Your reply should reproduce all the data below exactly while excluding the pictures.

Collected data
*** Begin section ***
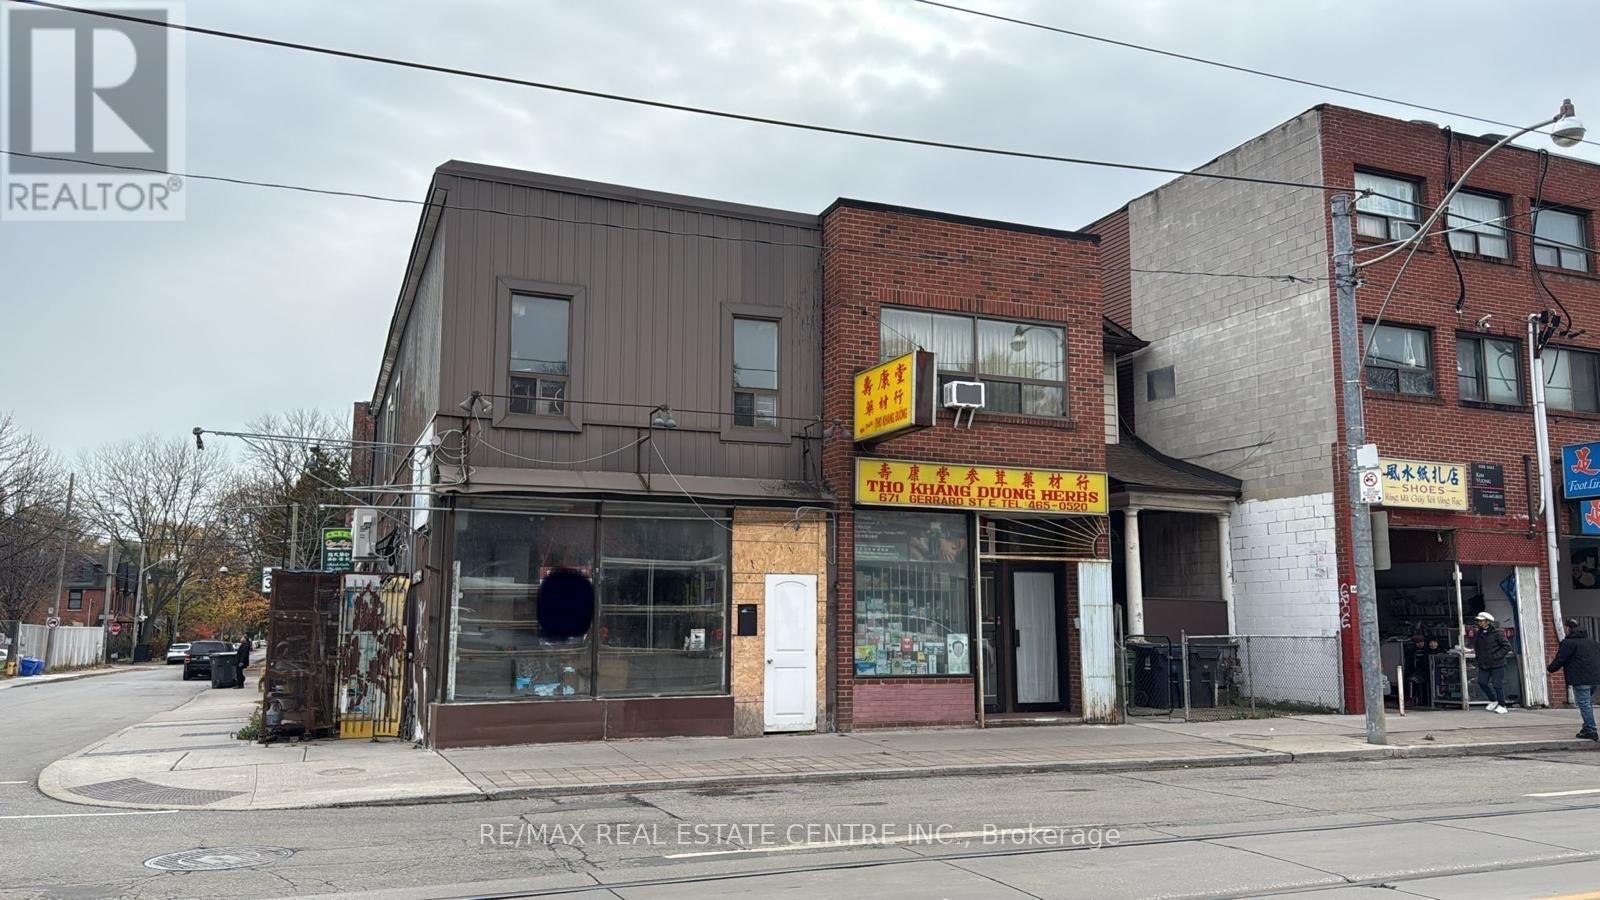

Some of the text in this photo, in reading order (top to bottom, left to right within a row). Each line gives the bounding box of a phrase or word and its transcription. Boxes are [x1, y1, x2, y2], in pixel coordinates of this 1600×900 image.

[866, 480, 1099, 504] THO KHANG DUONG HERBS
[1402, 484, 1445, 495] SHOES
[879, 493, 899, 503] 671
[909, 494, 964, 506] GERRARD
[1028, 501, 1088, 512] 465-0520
*** End section ***
▸ Task result:
Some of the text in this photo, in reading order (top to bottom, left to right within a row). Each line gives the bounding box of a phrase or word and its transcription. Boxes are [x1, y1, x2, y2], in pixel coordinates of this 1600×900 image.

[866, 480, 1099, 504] THO KHANG DUONG HERBS
[1402, 484, 1445, 495] SHOES
[879, 493, 899, 503] 671
[909, 494, 964, 506] GERRARD
[1028, 501, 1088, 512] 465-0520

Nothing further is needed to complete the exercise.